Methods: Carotid endarterectomy specimens of 450 consecutive patients (135 women, 315 men) were studied. The culprit lesions were semi-quantitatively analyzed for the presence of macrophages, smooth muscle cells, collagen, calcifications, and luminal thrombus. Plaques were categorized in three phenotypes according to overall presentation and the amount of fat. Protein was isolated from the plaques for determination of interleukin-6 (IL-6) and IL-8 concentrations and matrix metalloproteinase-8 (MMP-8) and MMP-9 activities.
Results: Atheromatous plaques (>40% fat) were less frequently observed in women than in men (22% vs 40%; P < .001). In addition, plaques obtained from women more frequently revealed low macrophage staining (11% vs 18%; P = .05) and strong smooth muscle cell staining (38% vs 24%; P = .001).
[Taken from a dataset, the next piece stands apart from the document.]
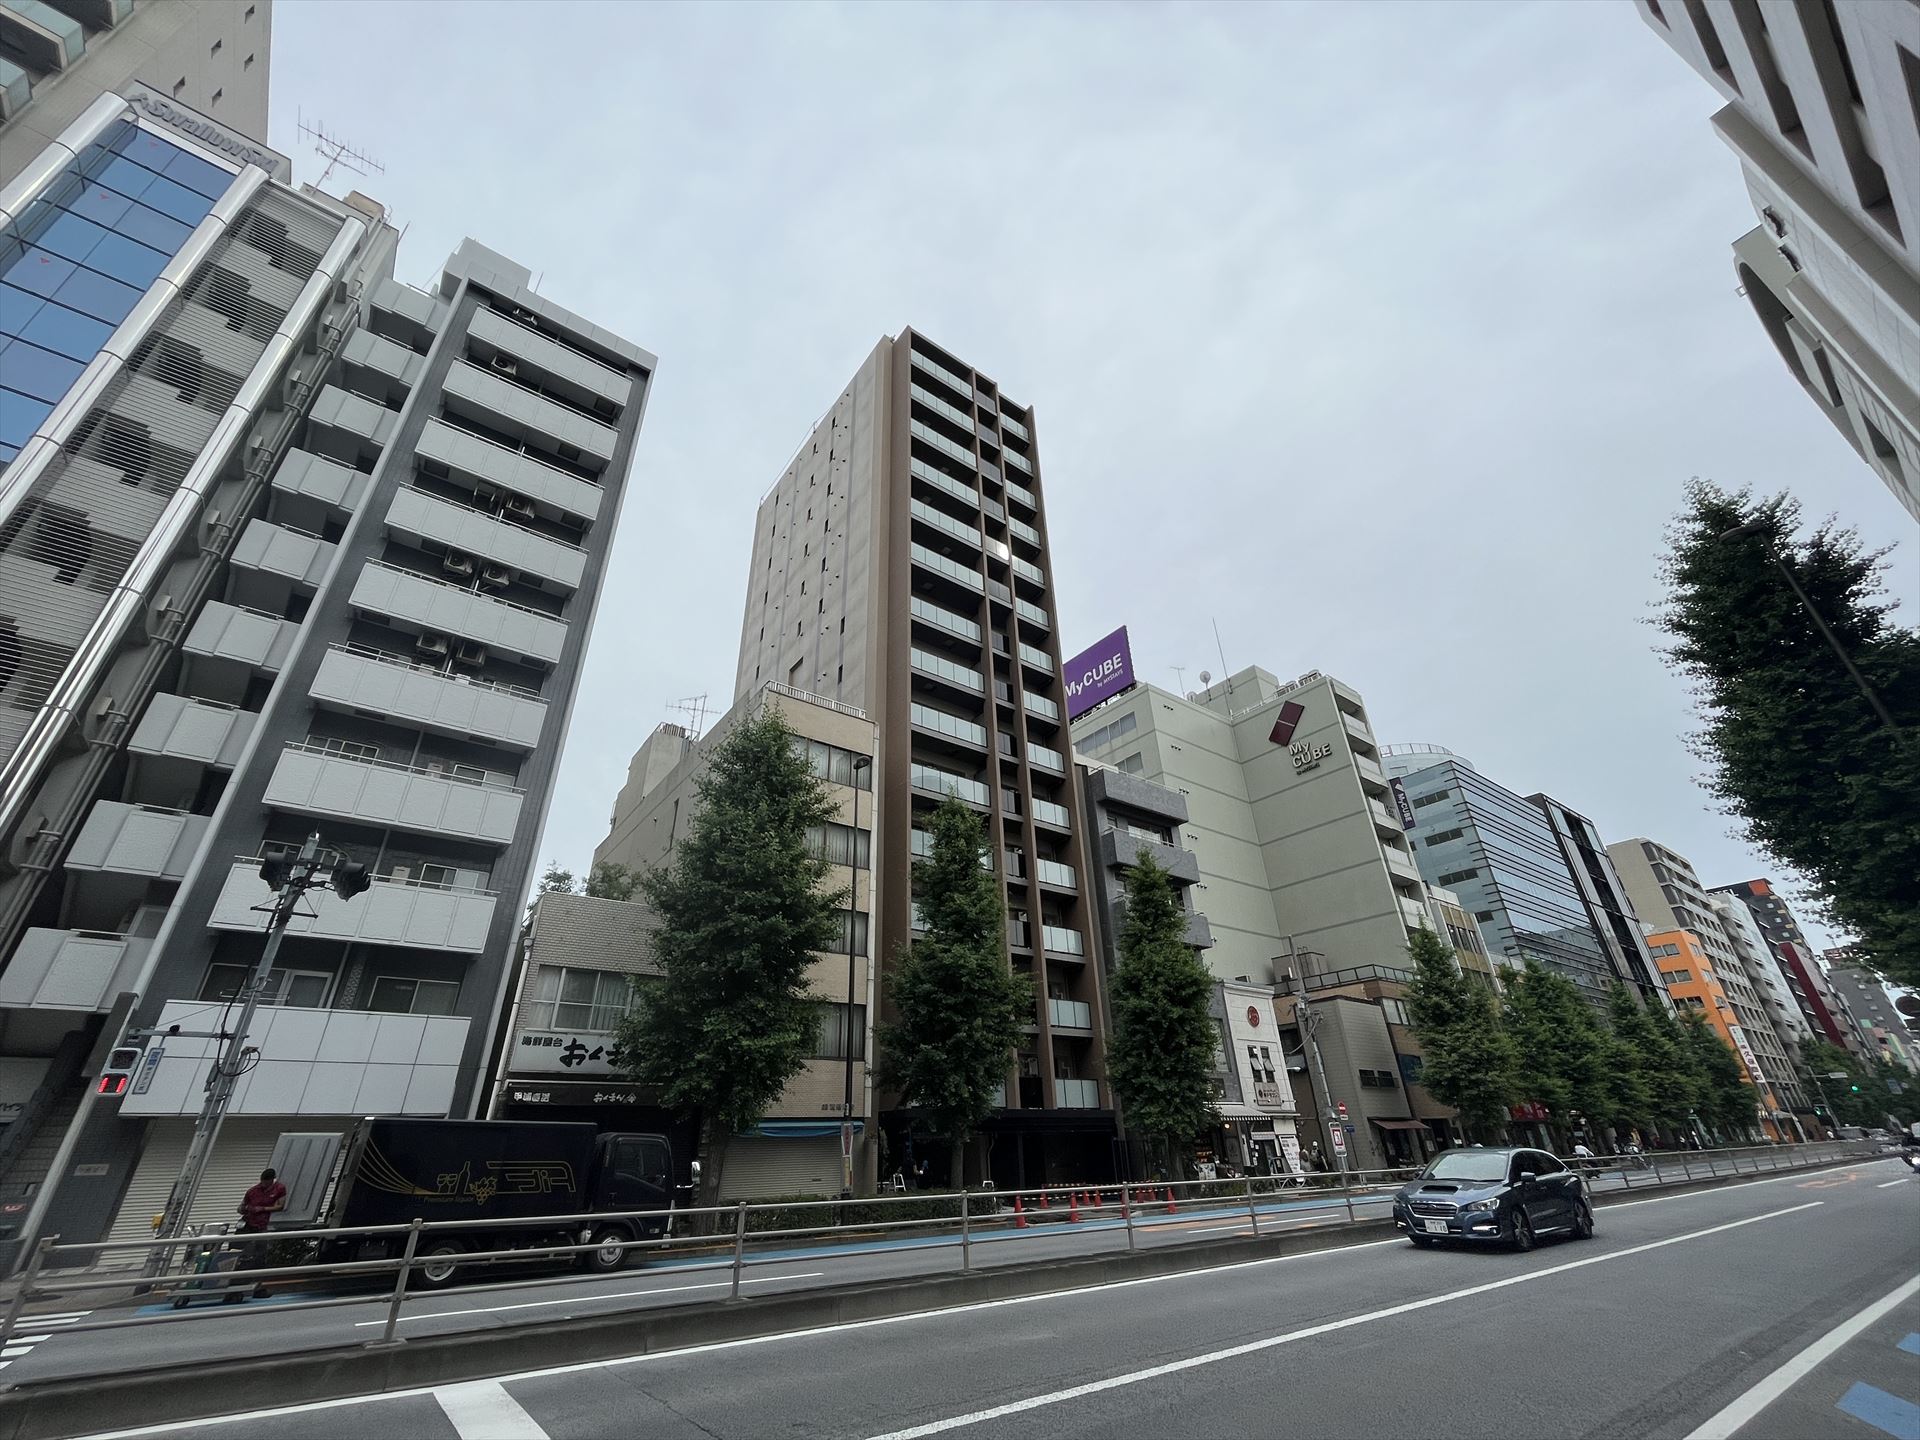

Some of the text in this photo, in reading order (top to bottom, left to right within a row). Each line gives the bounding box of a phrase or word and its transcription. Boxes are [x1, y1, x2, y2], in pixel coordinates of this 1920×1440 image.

[1065, 653, 1122, 697] MyCUBE
[1292, 743, 1332, 768] CUBE
[521, 1035, 563, 1047] 海鮮屋台
Compared with men, women had a lower plaque concentration of IL-8 (P = .001) and lower MMP-8 activity (P = .01). The observed differences were most pronounced in asymptomatic women, who showed the most stable plaques, with an atheromatous plaque in only 9% of cases compared with 39% in asymptomatic men (P = .02). In addition, a large proportion of plaques obtained from asymptomatic women showed high smooth muscle cell content (53% vs 30%; P = .03) and high collagen content (55% vs 24%; P = .003). All relations between gender and plaque characteristics, except for MMP-8, remained intact in a multivariate analysis, including clinical presentation and other cardiovascular risk factors.
Conclusion: Carotid artery plaques obtained from women have a more stable, less inflammatory phenotype compared with men, independent of clinical presentation and cardiovascular risk profile. Asymptomatic women demonstrate the highest prevalence of stable plaques. These findings could explain why women benefit less from carotid endarterectomy compared with men.